How to make the ordinary look extraordinary? With long lenses... (Windows in Larimer Square, Denver, M4-2, Summicron 90/f2, Superia ISO 400)
Moving fast... (Hotdog vendor in 6th Street, M4-2, Hexanon 35/f2, Superia ISO 400)
Acting quickly... (a view of Michigan Avenue, south of the river in Chicago, M3, Summicron 50, Ektachrome ISO 200)
Looking for the weird... (Performing Arts Center in Denver, M4-2, Hexanon 35/f2, Superia ISO 400)
Some time ago, a photographer let me in his secret for succesful street photographs: visualize your shots. Sounds easy... until one leaves the familiar environment. That was my lesson (one of them, the other was that meters don't have it all with them) to take to Denver, CO, with my M4-2. In Chicago, it is relatively easy for me to determine what is ordinary and common as opposed to what is not. I can easily decide what details to pick and photograph and which ones to leave as done and overdone by other photographers. However, Denver didn't offer me that choice... simply because I don't know what is usual to photograph there. The challenge I faced, just like I do when in Chicago, was to render the familiar unfamiliar. Otherwise, why bother photographing?

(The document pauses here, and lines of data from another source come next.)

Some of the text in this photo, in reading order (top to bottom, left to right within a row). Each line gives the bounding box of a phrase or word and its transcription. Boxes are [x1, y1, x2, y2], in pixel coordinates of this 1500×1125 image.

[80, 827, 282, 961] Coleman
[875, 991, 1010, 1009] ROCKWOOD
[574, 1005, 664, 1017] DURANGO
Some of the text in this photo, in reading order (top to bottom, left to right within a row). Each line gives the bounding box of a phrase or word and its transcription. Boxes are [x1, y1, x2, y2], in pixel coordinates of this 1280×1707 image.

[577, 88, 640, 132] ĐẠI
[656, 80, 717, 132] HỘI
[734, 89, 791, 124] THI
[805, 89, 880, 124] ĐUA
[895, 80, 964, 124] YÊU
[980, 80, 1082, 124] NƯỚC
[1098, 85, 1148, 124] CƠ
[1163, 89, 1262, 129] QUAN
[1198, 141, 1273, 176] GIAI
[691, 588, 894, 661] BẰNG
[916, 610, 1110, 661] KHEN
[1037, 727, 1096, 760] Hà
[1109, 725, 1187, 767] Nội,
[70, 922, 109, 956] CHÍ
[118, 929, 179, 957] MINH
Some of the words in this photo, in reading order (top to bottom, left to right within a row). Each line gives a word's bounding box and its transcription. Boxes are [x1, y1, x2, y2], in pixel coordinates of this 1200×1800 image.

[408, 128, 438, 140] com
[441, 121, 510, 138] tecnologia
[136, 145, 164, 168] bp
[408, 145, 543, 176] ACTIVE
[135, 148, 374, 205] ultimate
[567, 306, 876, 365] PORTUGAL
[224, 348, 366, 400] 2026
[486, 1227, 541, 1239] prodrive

Here are some of my results. My window shot, done with a Summicron 90, takes the windows and their awnings away from their surroundings. They're no longer a "Denver sight" but rather a line of windows with a conforting routine about them. Then, the hotdog vendor is so common and ordinary that he couldn't be any commoner. Yet, the people around him steal his protagonism from the photograph. My view of Michigan doesn't look any different from any other shot, except for the fact that it was done at dusk. My favorite here is the yuxtaposition of a bear (apparently a begging one) and a nice VW Beetle (weren't they known as "Bugs"?), in a photograph that screams "postmodern" to me: irony, clashing categories (urban vs wild, or idealized view of nature vis-a-vis the equally idealized urban life in the VW). I don`t know, but the VW in the forefront, and the bear in the background look so incongruent that I should frame the shot.
If you don't agree... just let me know!